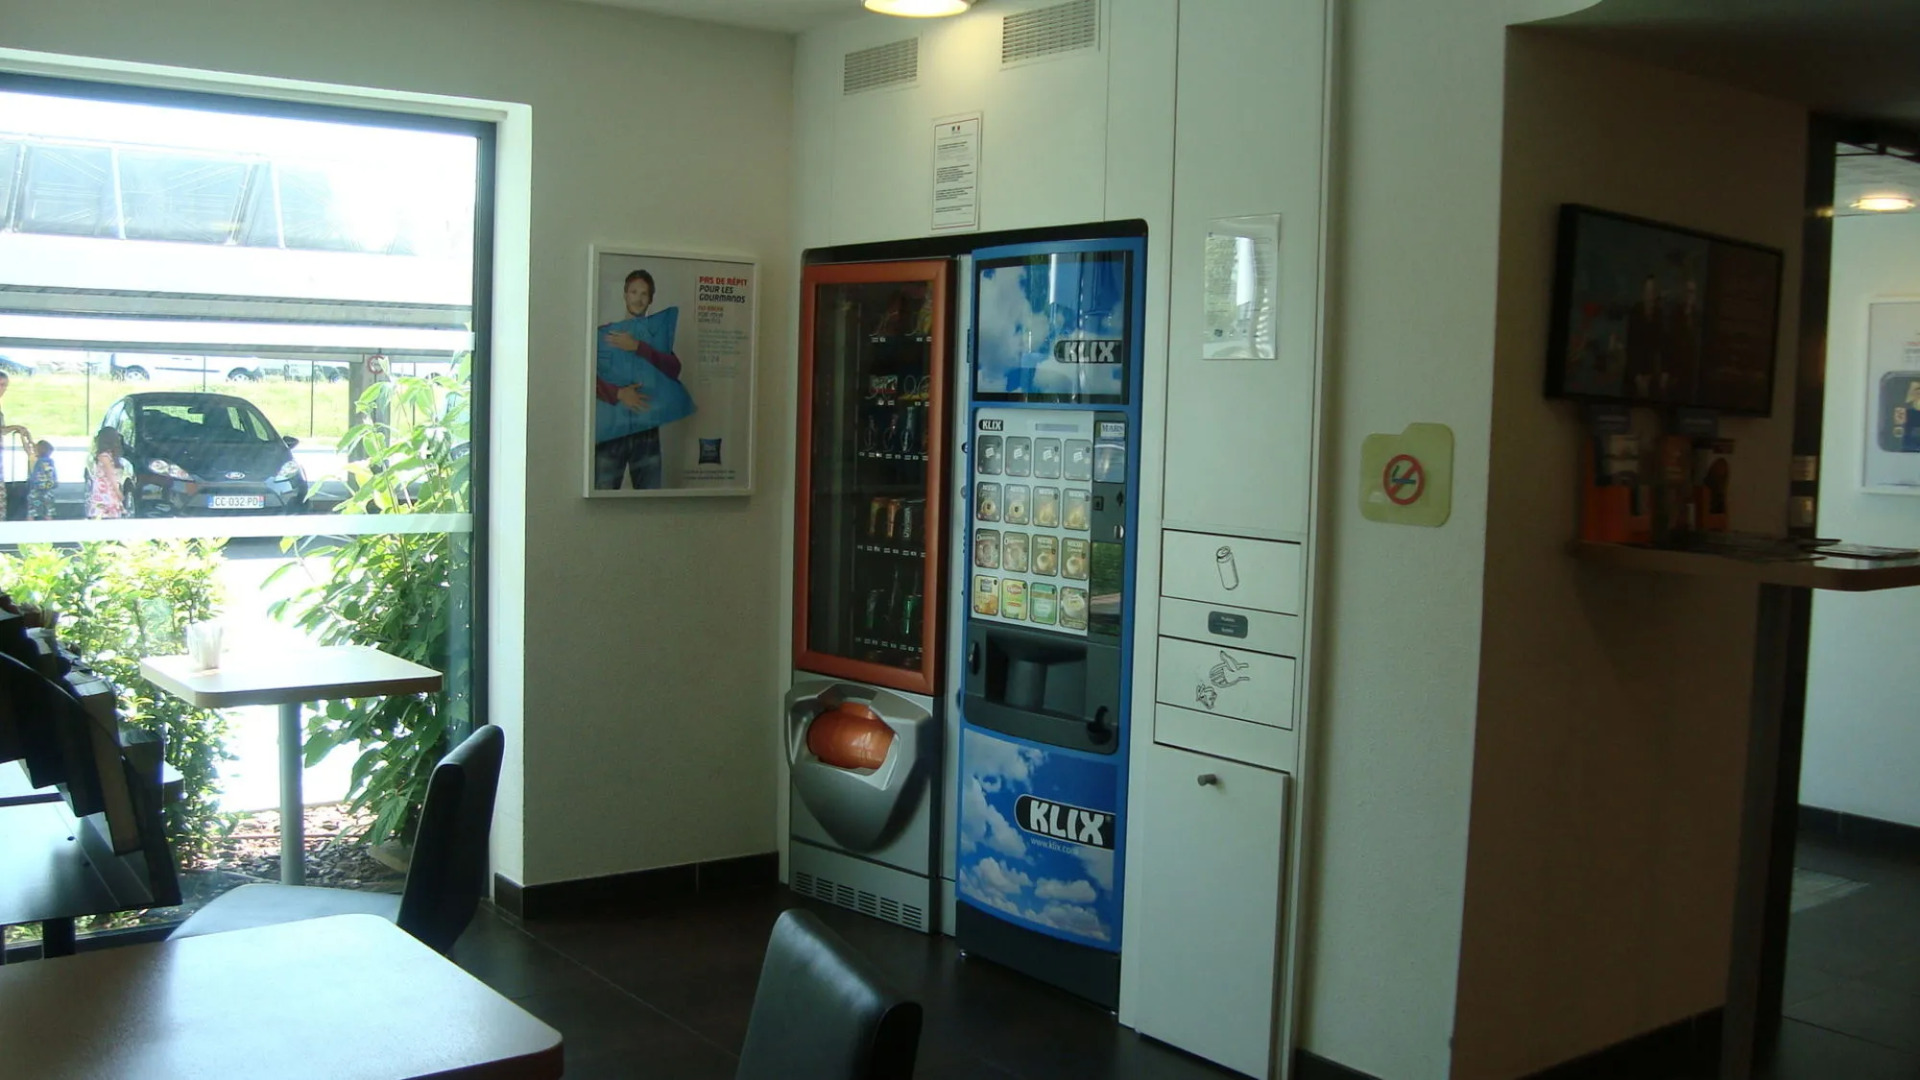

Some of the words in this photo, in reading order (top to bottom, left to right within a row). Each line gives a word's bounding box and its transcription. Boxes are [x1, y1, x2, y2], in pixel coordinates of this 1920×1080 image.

[699, 276, 714, 285] PAS
[716, 277, 726, 285] DE
[699, 285, 721, 293] POUR
[721, 286, 735, 294] LES
[699, 293, 746, 304] GOURMANDS
[1064, 341, 1114, 362] KLIX
[982, 420, 1002, 431] KLIX
[1030, 799, 1105, 846] KLIX
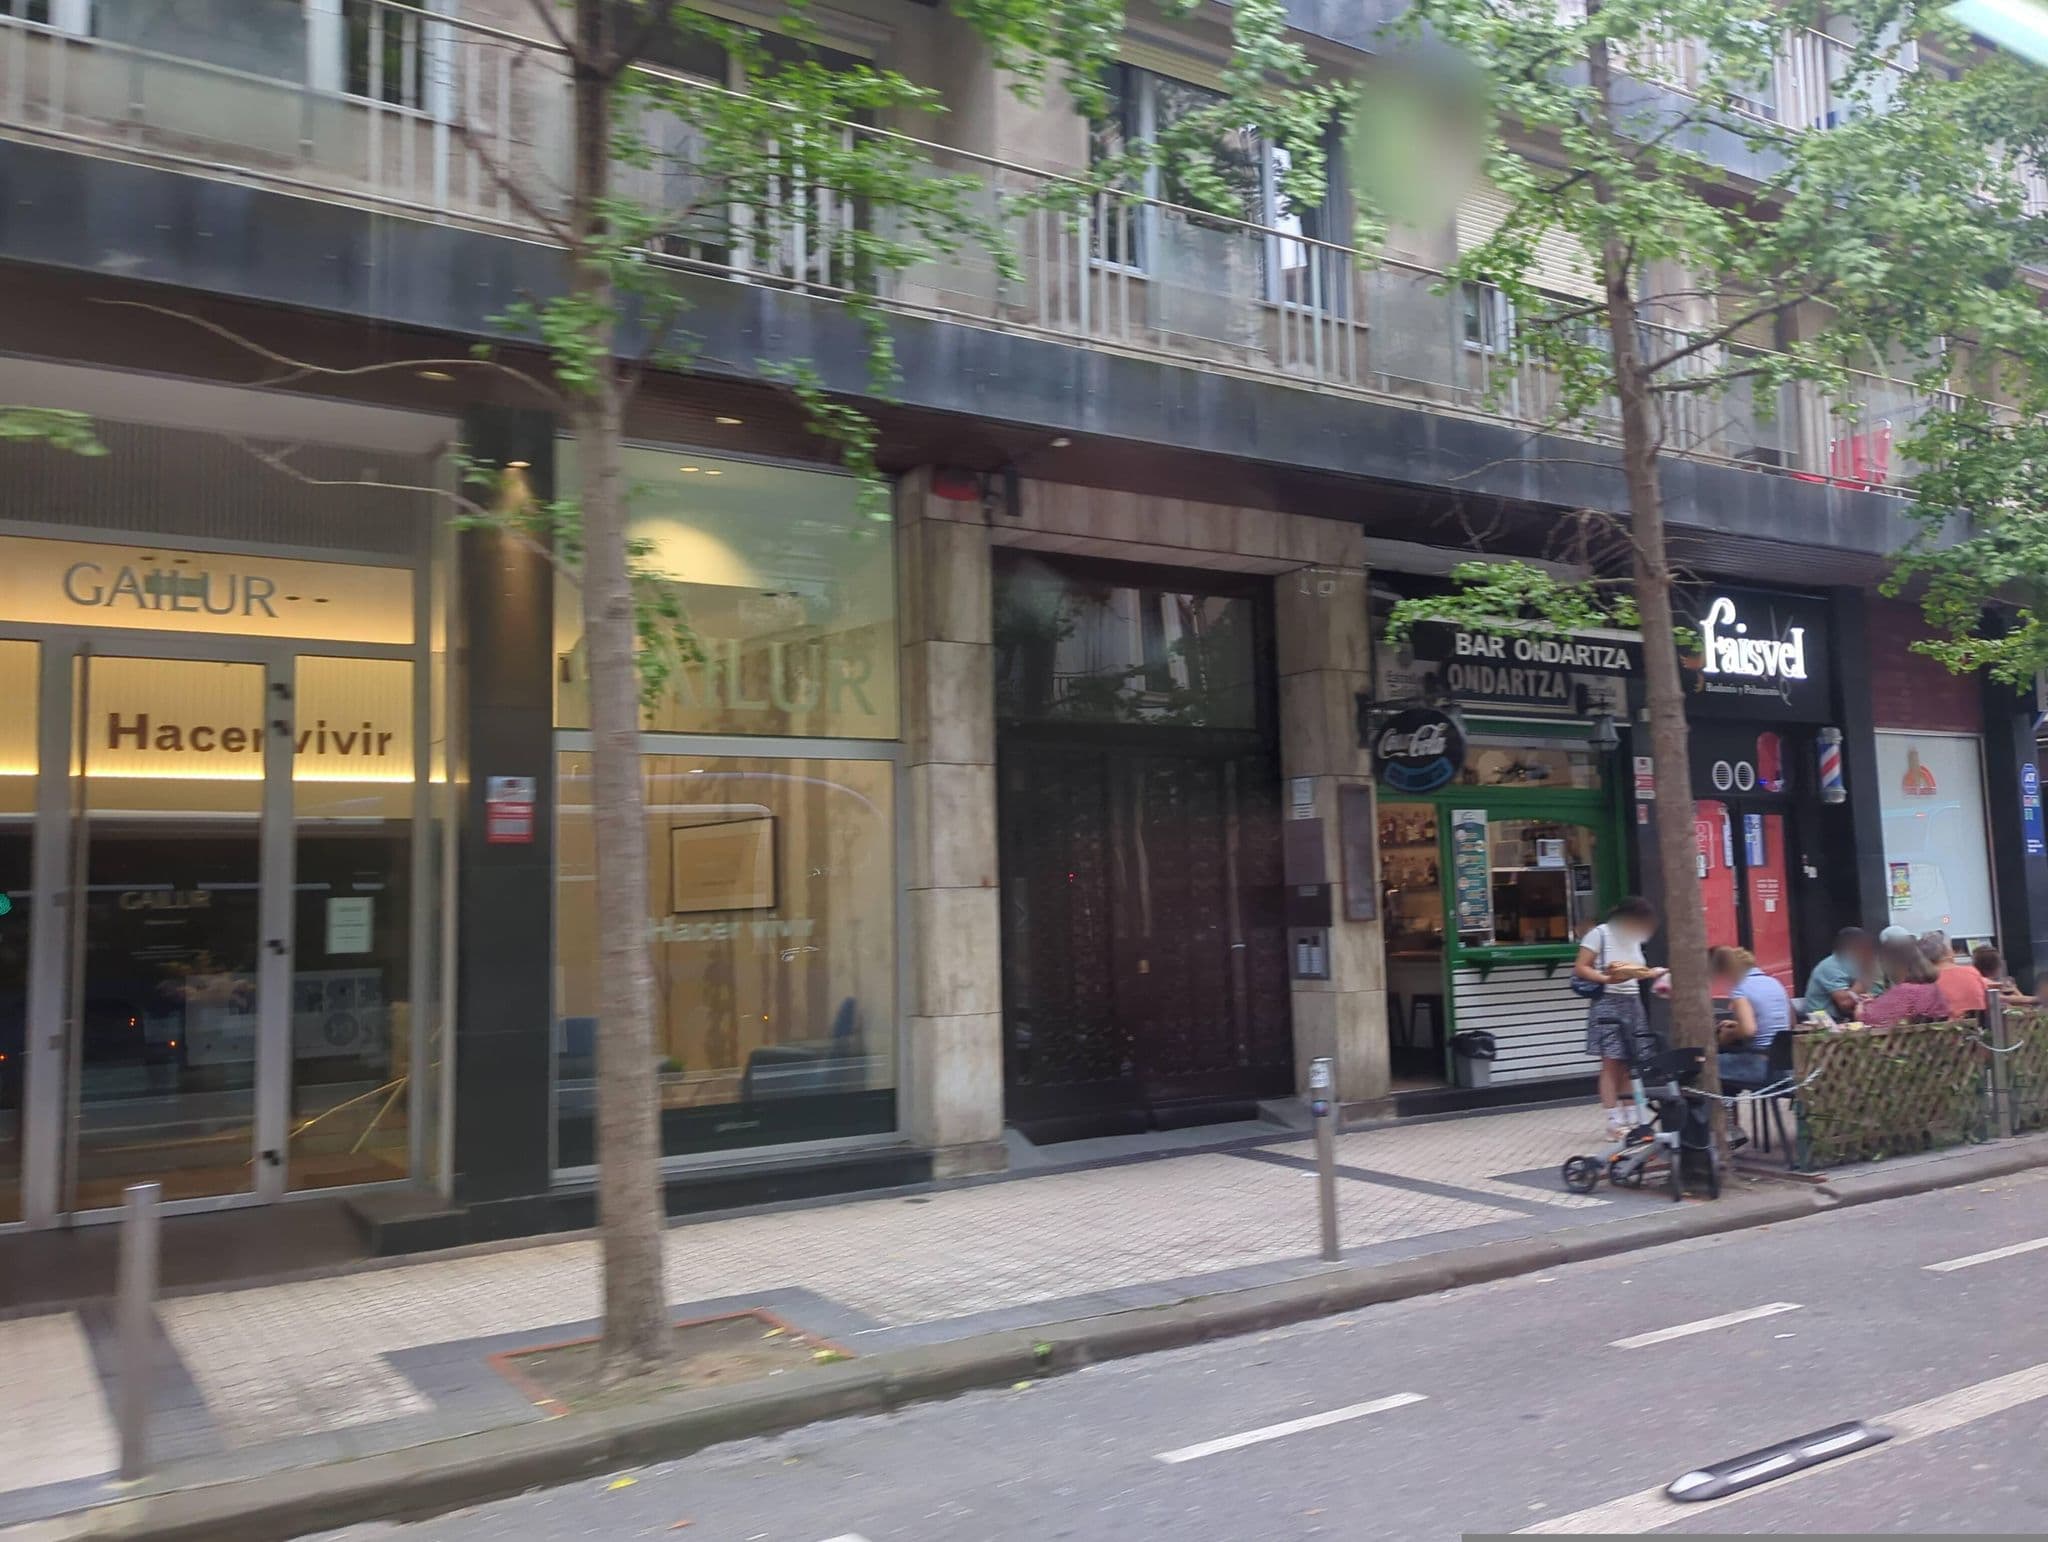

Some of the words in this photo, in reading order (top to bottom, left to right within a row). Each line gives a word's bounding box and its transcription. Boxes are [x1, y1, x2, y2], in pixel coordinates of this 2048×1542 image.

__________________________________________________

*Your objective*. Return the listing verbatim, pictures omitted.

*Result*.
Some of the words in this photo, in reading order (top to bottom, left to right within a row). Each line gives a word's bounding box and its transcription. Boxes are [x1, y1, x2, y2], in pixel coordinates of this 1920×1080 image.

[699, 276, 714, 285] PAS
[716, 277, 726, 285] DE
[699, 285, 721, 293] POUR
[721, 286, 735, 294] LES
[699, 293, 746, 304] GOURMANDS
[1064, 341, 1114, 362] KLIX
[982, 420, 1002, 431] KLIX
[1030, 799, 1105, 846] KLIX

Some of the words in this photo, in reading order (top to bottom, left to right within a row). Each line gives a word's bounding box and its transcription. Boxes are [x1, y1, x2, y2], in pixel coordinates of this 2048×1542 image.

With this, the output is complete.